- **Referring expression grounding data**:
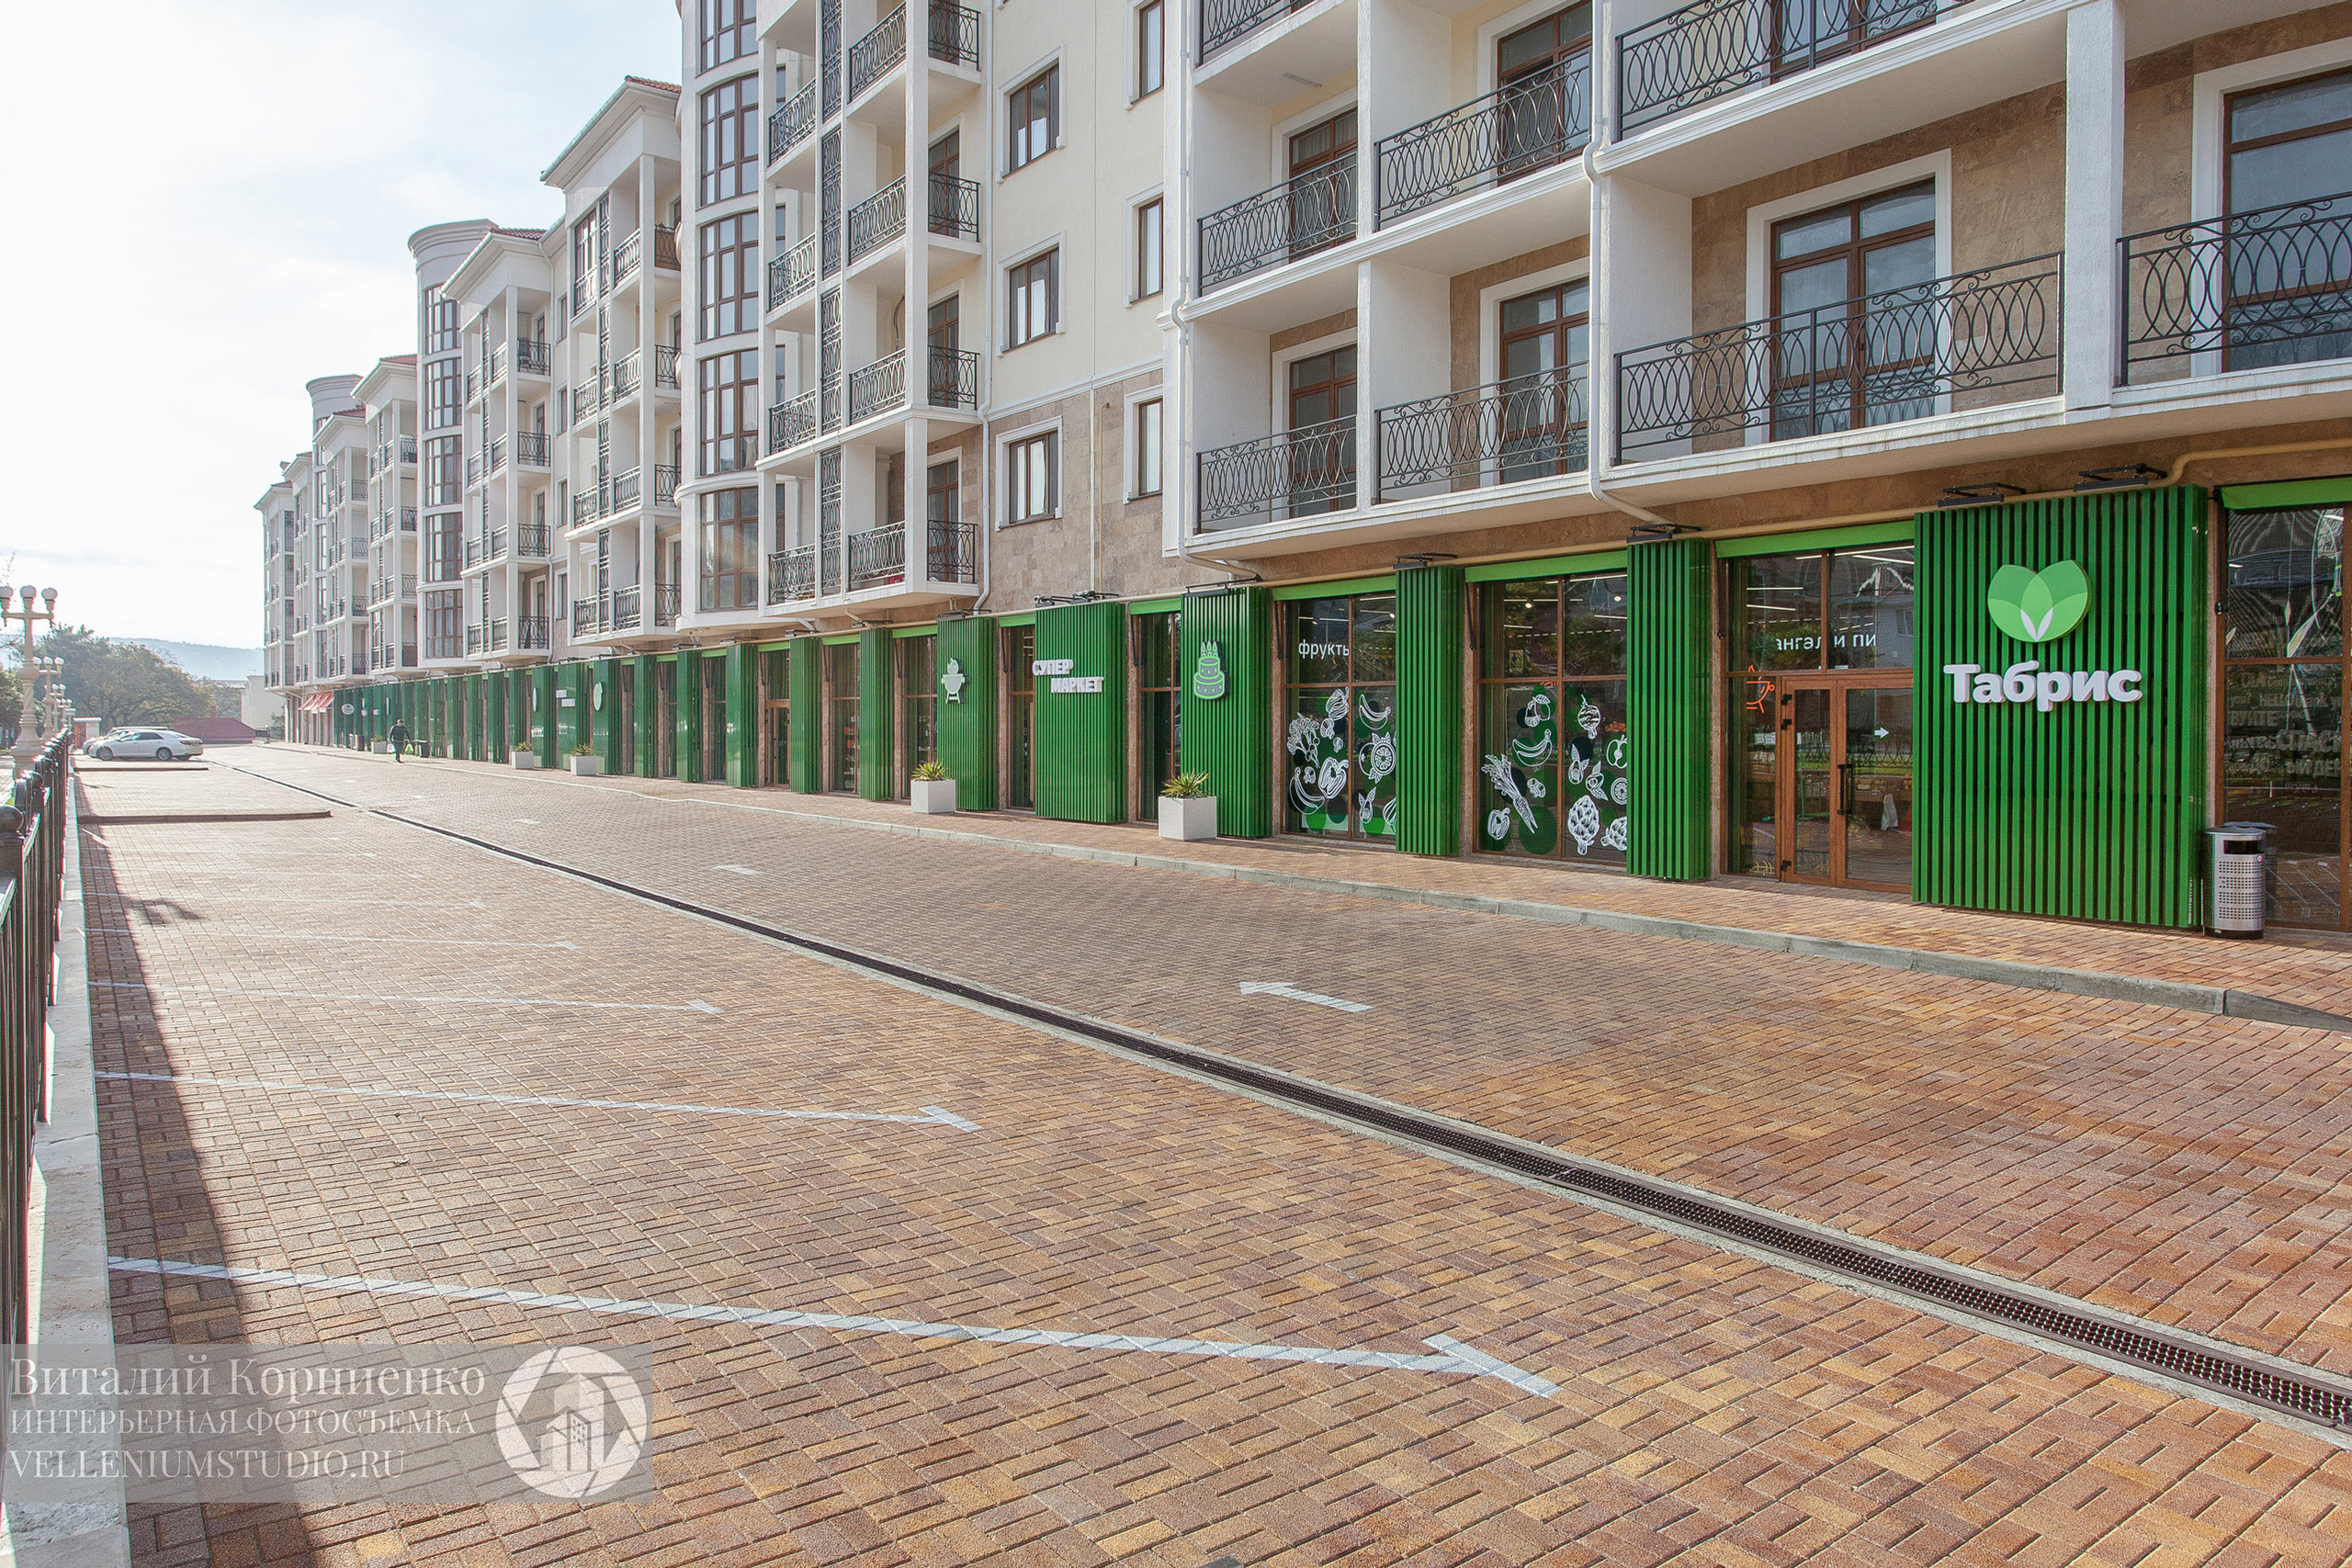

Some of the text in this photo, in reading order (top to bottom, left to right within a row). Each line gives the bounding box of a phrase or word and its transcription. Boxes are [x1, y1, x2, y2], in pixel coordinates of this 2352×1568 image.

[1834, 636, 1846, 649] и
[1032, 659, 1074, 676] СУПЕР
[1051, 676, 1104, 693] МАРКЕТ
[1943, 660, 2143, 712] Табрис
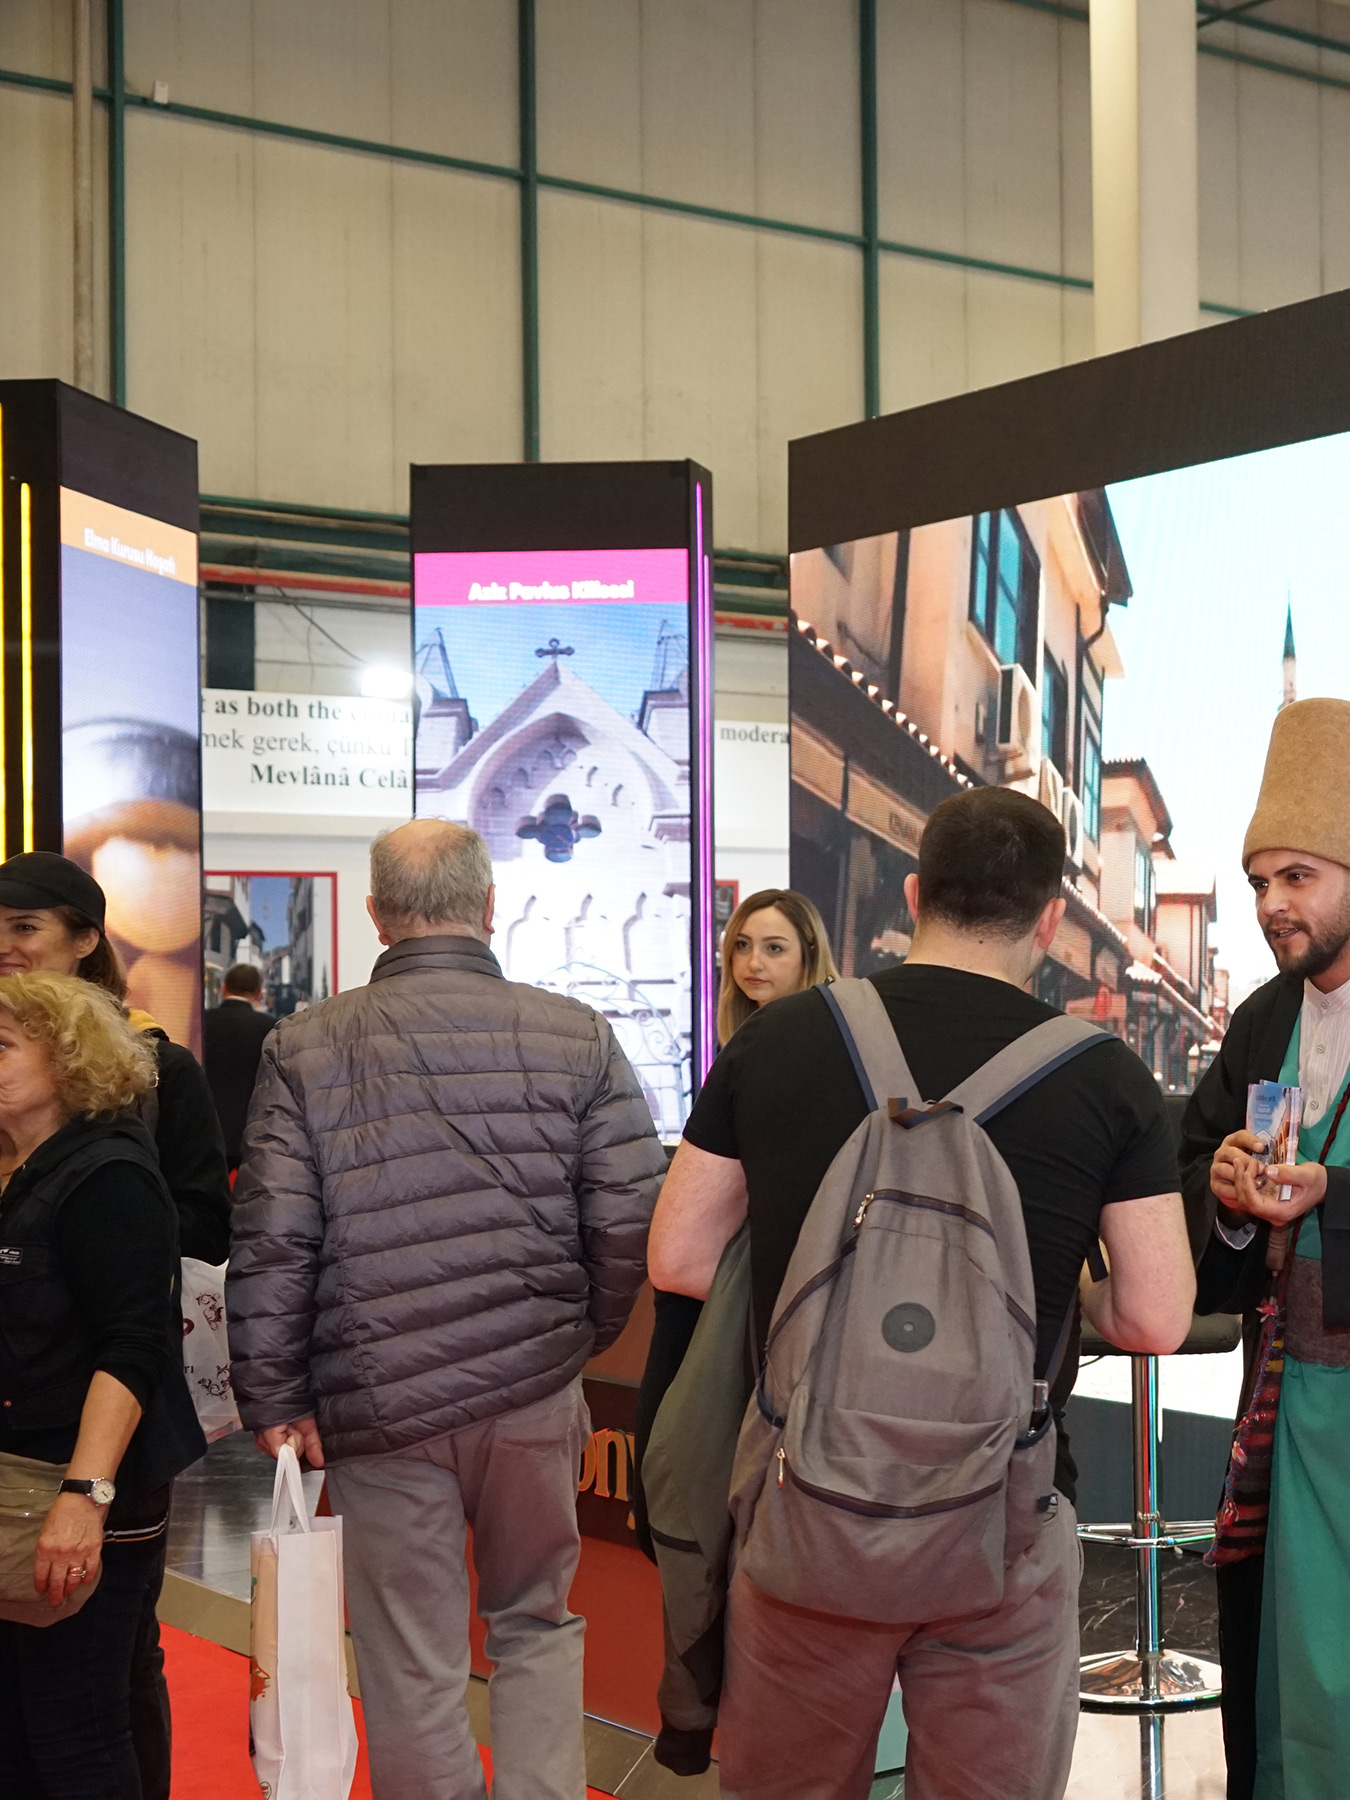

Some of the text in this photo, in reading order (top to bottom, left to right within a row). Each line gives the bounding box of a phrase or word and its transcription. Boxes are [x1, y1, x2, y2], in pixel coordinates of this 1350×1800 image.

- **EXERCISE**: Could every record be given again exactly, with its pictures left out?

- **RESULT**:
Some of the text in this photo, in reading order (top to bottom, left to right within a row). Each line gives the bounding box of a phrase or word and its transcription. Boxes are [x1, y1, x2, y2], in pixel coordinates of this 2352×1568 image.

[1834, 636, 1846, 649] и
[1032, 659, 1074, 676] СУПЕР
[1051, 676, 1104, 693] МАРКЕТ
[1943, 660, 2143, 712] Табрис

Some of the text in this photo, in reading order (top to bottom, left to right within a row). Each line gives the bounding box of a phrase or word and its transcription. Boxes are [x1, y1, x2, y2], in pixel coordinates of this 1350×1800 image.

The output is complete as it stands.